Let’s reflect on some facts - the prior Fed helped to inflate the economy in the 90’s and then helped to deflate it. Most likely, they went too far on the way down to 1% but not too many people were concerned about that. Chairman Greenspan’s Fed raised rates 14 times in a row and except for the last few of his moves, I didn’t hear too much complaining. Even before Bernanke took his oath, investors started betting that would put an end to it. Now that he has disappointed them two times, Ben is somehow getting it all wrong. I have heard commentators (many of whom are economists) appear on CNBC and Bloomberg who are now talking about Ben’s “credibility” problem and his “image.” It’s laughable coming from economists that place their bet on almost every economic data point and as you would expect, most miss the actual results when they are released. It’s way too tough to predict those things and it’s even tougher to predict what the Fed has to predict. As far as I am concerned, the real credibility problem is with the rest of us - investors, economists and financial media that are focused on blaming Ben rather than looking in the mirror. For my part, I cannot remember one wrong signal in Hedgefolios that was a result of anyone’s failures except my own and I know for certain that Ben had nothing to do with it.

As we know, “Don’t fight the Fed” has a traditional expectation that as the Fed tightens, stocks decline and vice versa. The past two unidirectional moves of the Fed have not supported that theory. From January 3, 2001 when the Fed Funds Rate was at 6.5% until they stopped lowering at 1% on 6/25/03, the S&P 500 declined 27%. The current sequence of rate hikes started on 6/30/04 and yet, the S&P 500 is up 11% over the past two years. I am sure all the experts who are critical of Ben have a very good explanation for this and yet, I really don’t care.

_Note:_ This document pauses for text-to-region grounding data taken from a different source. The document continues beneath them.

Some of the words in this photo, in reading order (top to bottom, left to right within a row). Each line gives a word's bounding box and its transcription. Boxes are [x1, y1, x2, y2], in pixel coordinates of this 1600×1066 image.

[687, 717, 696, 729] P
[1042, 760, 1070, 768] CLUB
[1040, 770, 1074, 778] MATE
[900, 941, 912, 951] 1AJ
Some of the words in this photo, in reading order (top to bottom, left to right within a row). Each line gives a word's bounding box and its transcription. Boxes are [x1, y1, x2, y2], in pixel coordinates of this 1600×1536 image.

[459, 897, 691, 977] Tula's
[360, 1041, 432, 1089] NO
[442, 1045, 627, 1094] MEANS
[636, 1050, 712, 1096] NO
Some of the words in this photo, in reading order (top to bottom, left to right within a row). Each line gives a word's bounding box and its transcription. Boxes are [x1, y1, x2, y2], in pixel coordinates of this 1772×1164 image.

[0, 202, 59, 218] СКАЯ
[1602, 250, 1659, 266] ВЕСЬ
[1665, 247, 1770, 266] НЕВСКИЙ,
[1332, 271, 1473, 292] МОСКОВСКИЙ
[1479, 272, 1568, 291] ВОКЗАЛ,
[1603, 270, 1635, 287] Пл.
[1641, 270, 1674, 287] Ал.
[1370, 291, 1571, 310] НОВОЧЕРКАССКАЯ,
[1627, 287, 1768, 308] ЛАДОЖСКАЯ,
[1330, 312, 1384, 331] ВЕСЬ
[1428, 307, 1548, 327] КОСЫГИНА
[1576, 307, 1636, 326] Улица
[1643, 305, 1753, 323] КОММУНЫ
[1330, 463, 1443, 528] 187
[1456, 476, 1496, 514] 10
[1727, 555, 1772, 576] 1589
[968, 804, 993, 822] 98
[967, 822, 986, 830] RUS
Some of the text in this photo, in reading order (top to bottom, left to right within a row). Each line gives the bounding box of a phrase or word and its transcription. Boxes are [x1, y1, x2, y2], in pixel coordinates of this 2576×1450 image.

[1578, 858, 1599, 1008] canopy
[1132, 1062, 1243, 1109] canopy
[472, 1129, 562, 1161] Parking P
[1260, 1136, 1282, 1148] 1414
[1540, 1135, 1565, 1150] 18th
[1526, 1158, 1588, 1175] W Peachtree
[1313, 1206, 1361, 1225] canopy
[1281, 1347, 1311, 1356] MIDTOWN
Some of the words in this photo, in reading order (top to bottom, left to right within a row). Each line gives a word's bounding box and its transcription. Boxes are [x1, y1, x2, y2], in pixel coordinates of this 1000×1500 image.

This market has problems and in my opinion, the infatuation with Bernanke is only masking the bigger issues. I want the Fed to be done so I don’t have to hear all this “credibility” talk. Maybe then we can get back to a market that has more to do with companies, profits, losses, valuations, investors, etc. and less to do with a whipping boy.

Snow Job

There’s been a giant Snow Job going on around this country for the past three years and it is has been unjustified. Almost since his arrival, Treasury Secretary John Snow has been rumored to be on the way out. I am not quite sure what he did wrong and in the age of politicians getting credit or blame for stuff they had little or no actual control over, the results were rather good by my count. From the date of his nomination to the date of his resignation, the S&P was up 38%, the Dow was up 28%, and the Nasdaq was up 50%. Economically, the GDP had an average annual growth rate of approximately 3.8% - a figure matched or exceeded by only a few prior Treasury Secretaries. Significant tax legislation was passed, regulation was improved and the dollar was relatively stable.

So what went wrong during his tenure? Iraq & Katrina come to mind but he didn’t have anything to do with unnatural or natural disasters. China and the rest of BRIC became economic powerhouses and created huge trade deficits because American consumers liked the products and the pricing. For whatever control he has on the trade deficit, I don’t see how he could have prevented BRIC’s influence. Oil went up over 100% but I struggle with his part in the energy crisis or for that matter, the rise of other commodity prices. I have heard that he did not do a good job defending himself or promoting how well the economy was doing - maybe he was too busy actually trying to do his job. He also failed to tell another country (China) what to do with its currency. At some point, I believe we need to stop expecting that the United States or its Treasury Secretary should be able to dictate what other sovereign countries do.

Regardless of the justification, Secretary Snow is gone. Out with the old, in with the new. I only hope that the nominated Hank Paulsen does as poor of a job as Mr. Snow has done. We should be so lucky.